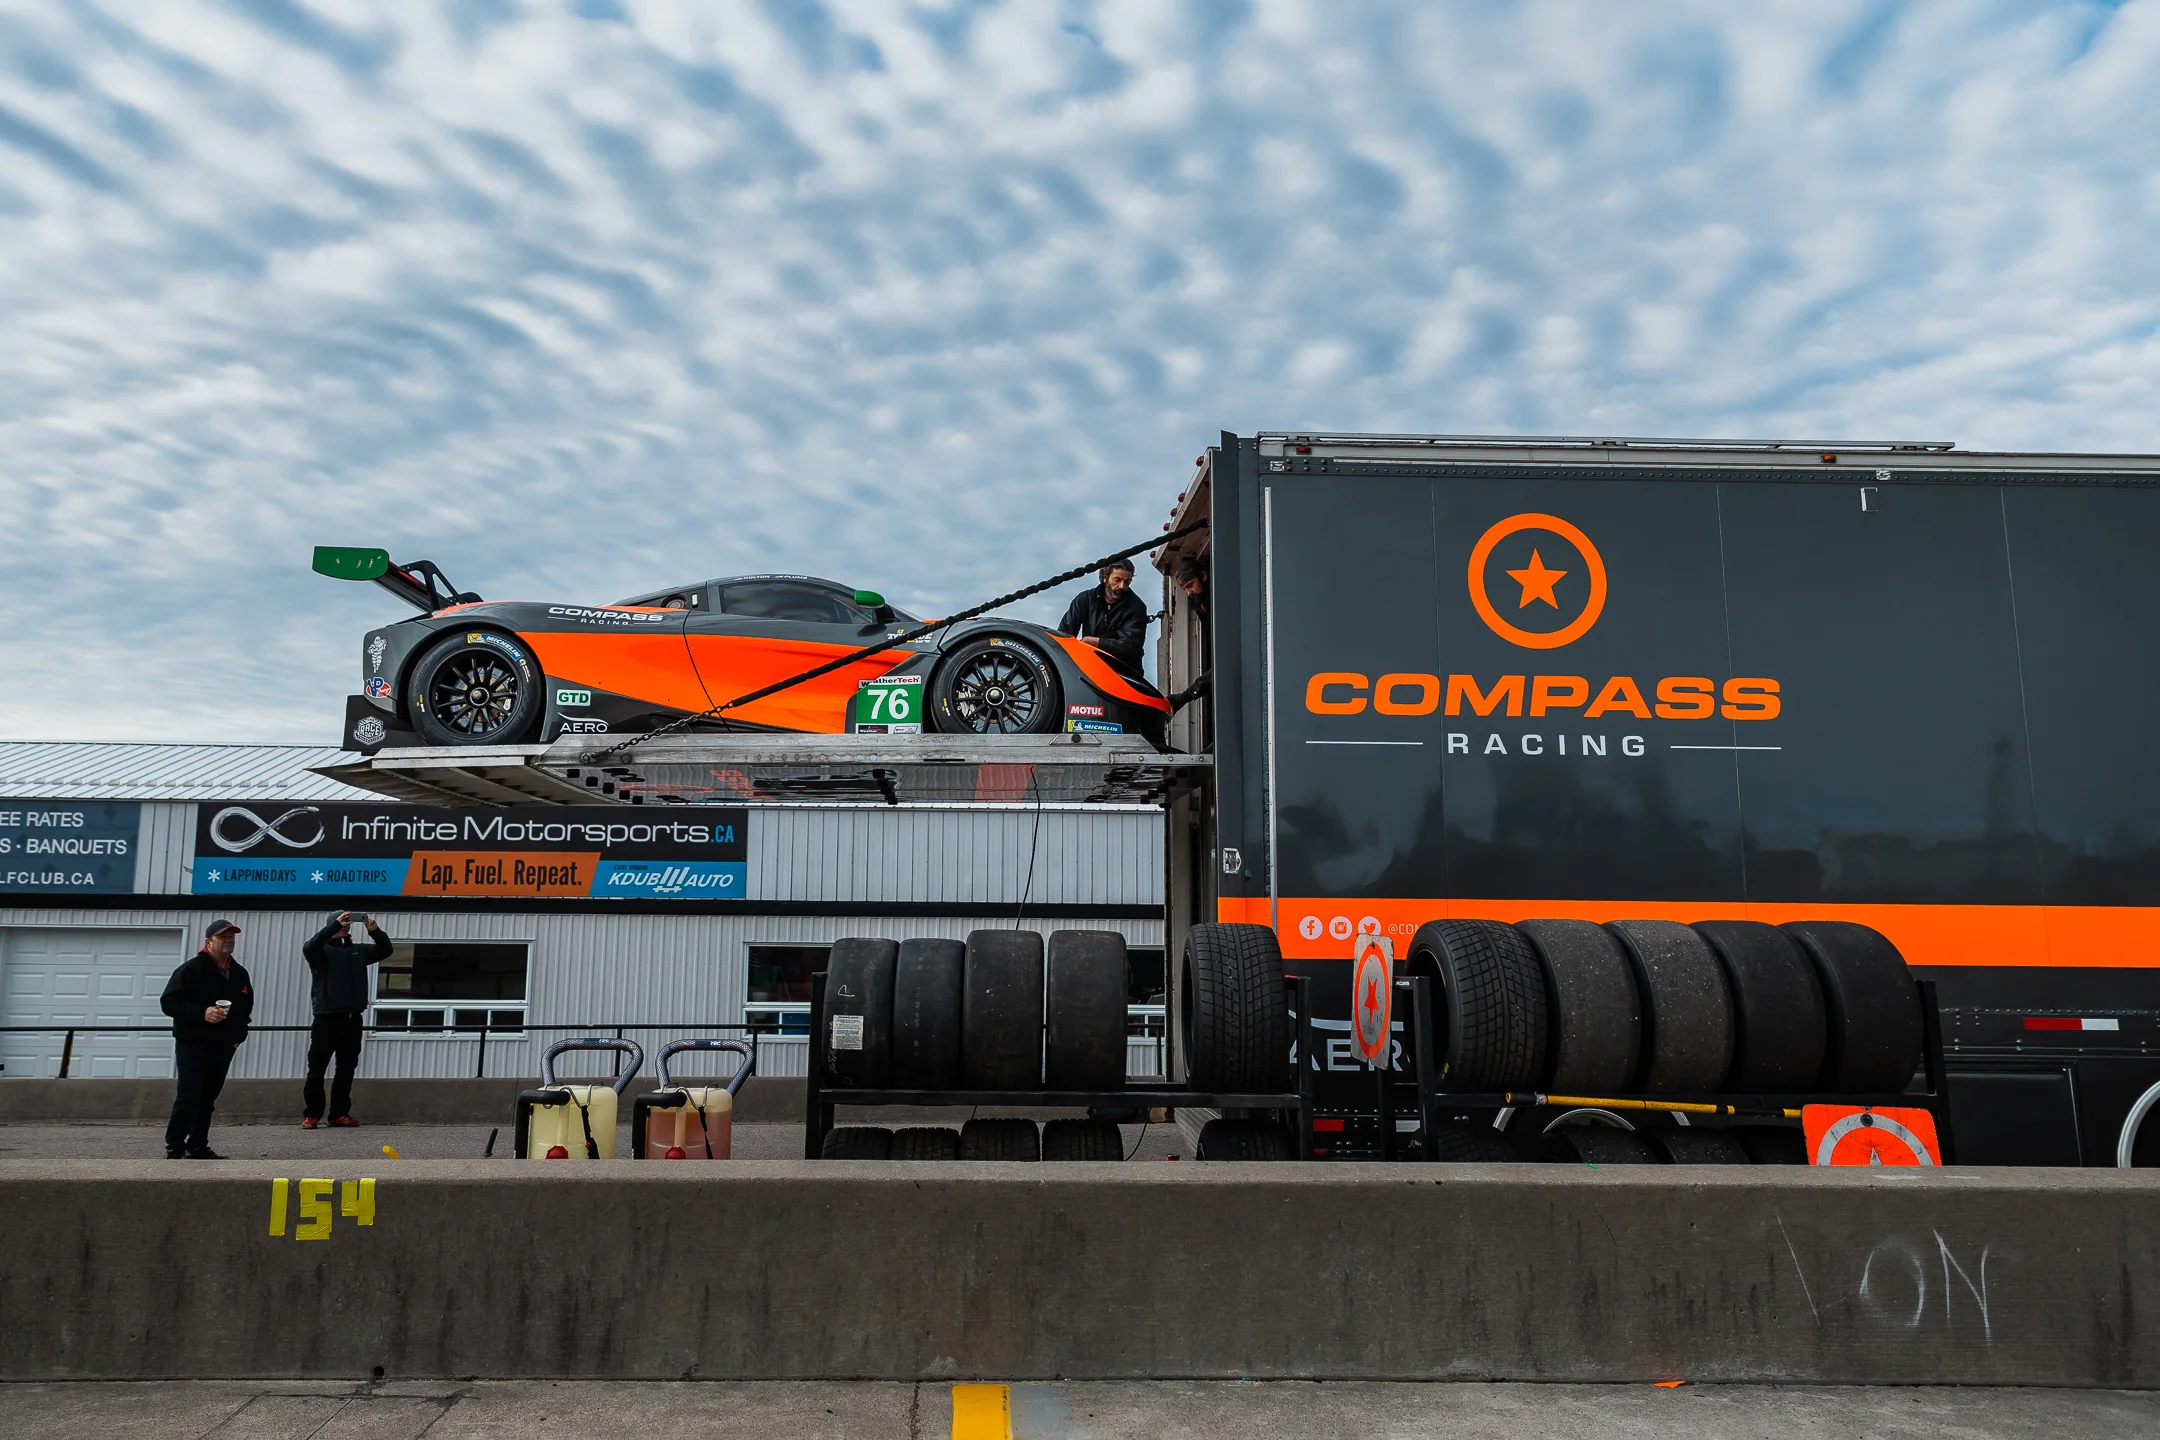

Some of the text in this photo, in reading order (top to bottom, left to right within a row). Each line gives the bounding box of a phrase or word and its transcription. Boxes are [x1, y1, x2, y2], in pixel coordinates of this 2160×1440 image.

[548, 607, 664, 621] COMPASS
[486, 635, 521, 658] MICHELIN
[558, 691, 590, 703] GTD
[867, 688, 910, 720] 76
[1305, 672, 1782, 721] COMPASS
[1070, 706, 1103, 715] MOTUL
[360, 723, 380, 735] RACE
[560, 723, 608, 733] AERO
[1084, 724, 1118, 732] MICHELIN
[1447, 732, 1647, 757] RACING
[0, 811, 84, 828] EE RATES
[342, 815, 457, 841] Infinite
[26, 838, 127, 855] BANQUETS
[326, 869, 355, 883] ROAD
[357, 870, 387, 883] TRIPS
[421, 858, 583, 892] Lap. Fuel. Repeat.
[608, 872, 734, 888] KDUB AUTO
[268, 1177, 377, 1240] 154
####
PROBLEM DETAILS: Copy all of the data word for word, and keep the pictures out of it.

SOLUTION TO THE PROBLEM:
Some of the text in this photo, in reading order (top to bottom, left to right within a row). Each line gives the bounding box of a phrase or word and its transcription. Boxes are [x1, y1, x2, y2], in pixel coordinates of this 2160×1440 image.

[548, 607, 664, 621] COMPASS
[486, 635, 521, 658] MICHELIN
[558, 691, 590, 703] GTD
[867, 688, 910, 720] 76
[1305, 672, 1782, 721] COMPASS
[1070, 706, 1103, 715] MOTUL
[360, 723, 380, 735] RACE
[560, 723, 608, 733] AERO
[1084, 724, 1118, 732] MICHELIN
[1447, 732, 1647, 757] RACING
[0, 811, 84, 828] EE RATES
[342, 815, 457, 841] Infinite
[26, 838, 127, 855] BANQUETS
[326, 869, 355, 883] ROAD
[357, 870, 387, 883] TRIPS
[421, 858, 583, 892] Lap. Fuel. Repeat.
[608, 872, 734, 888] KDUB AUTO
[268, 1177, 377, 1240] 154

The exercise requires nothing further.